Journal, date & volume: Brain Res. Dev. Brain Res., 1994 Jul 15 , 80, 73-80

PubMed link: http://www.ncbi.nlm.nih.gov/pubmed/7955363

Abstract
The ontogenesis of the GABA-gated Cl- channel was investigated in the cerebral cortex of the rat by monitoring the binding parameters of [35S]t-butylbicyclophosphorothionate ([35S]TBPS) at intervals after birth (1-90 days). To investigate the influence of the developmental changes in the content of GABA on [35S]TBPS-binding, the assays were carried out in unwashed membranes, in which the concentration of GABA was dependent on its content in vivo, and in repeatedly washed membranes in the presence of defined concentrations of exogenous GABA. At birth, the density (Bmax) of [35S]TBPS-binding sites in unwashed membranes was similar to that found in well-washed membranes. However, in unwashed membranes, the number of [35S]TBPS-binding sites increased by two-fold within 10 days after birth whereas in washed membranes it increased by four-fold during the same period.
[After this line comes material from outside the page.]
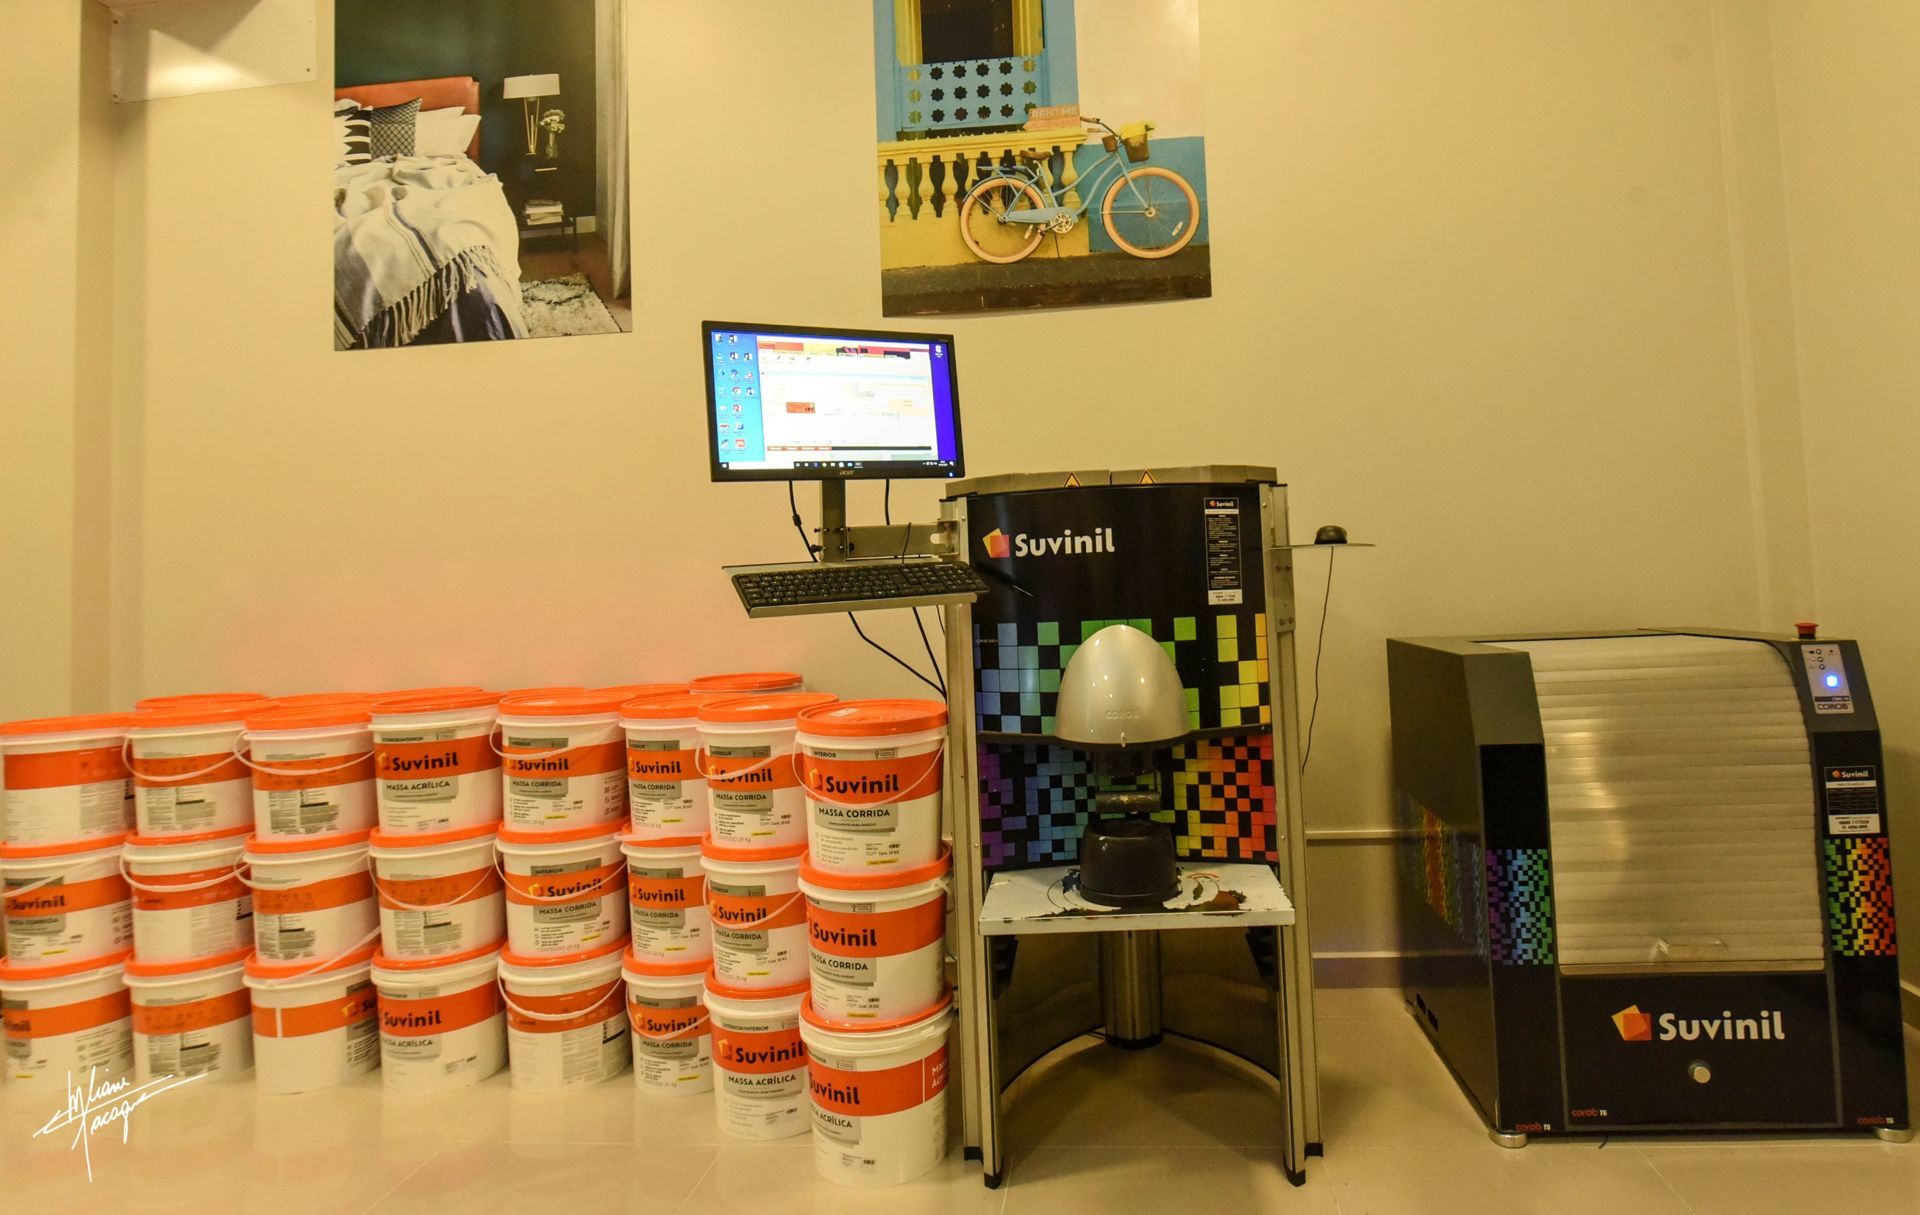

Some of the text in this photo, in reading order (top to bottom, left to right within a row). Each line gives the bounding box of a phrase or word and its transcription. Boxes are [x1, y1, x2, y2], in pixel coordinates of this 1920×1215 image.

The higher density of [35S]TBPS-binding sites in washed membranes as compared with the unwashed counterparts persisted throughout development. In unwashed membranes, the apparent Kd for [35S]TBPS-binding increased with age whereas in washed membranes the affinity of [35S]TBPS for its binding sites remained constant throughout development. The binding of [35S]TBPS to the GABA-gated Cl- channel is allosterically modulated by drugs acting on different sites of the GABAA receptor complex. Thus, GABA and diazepam decrease [35S]TBPS-binding whereas the GABAA receptor antagonist, bicuculline, and the inverse agonist for benzodiazepine receptors, 6,7-dimethoxy-4-ethyl-beta-carboline-3-carboxylic acid methyl ester, increase it.(ABSTRACT TRUNCATED AT 250 WORDS)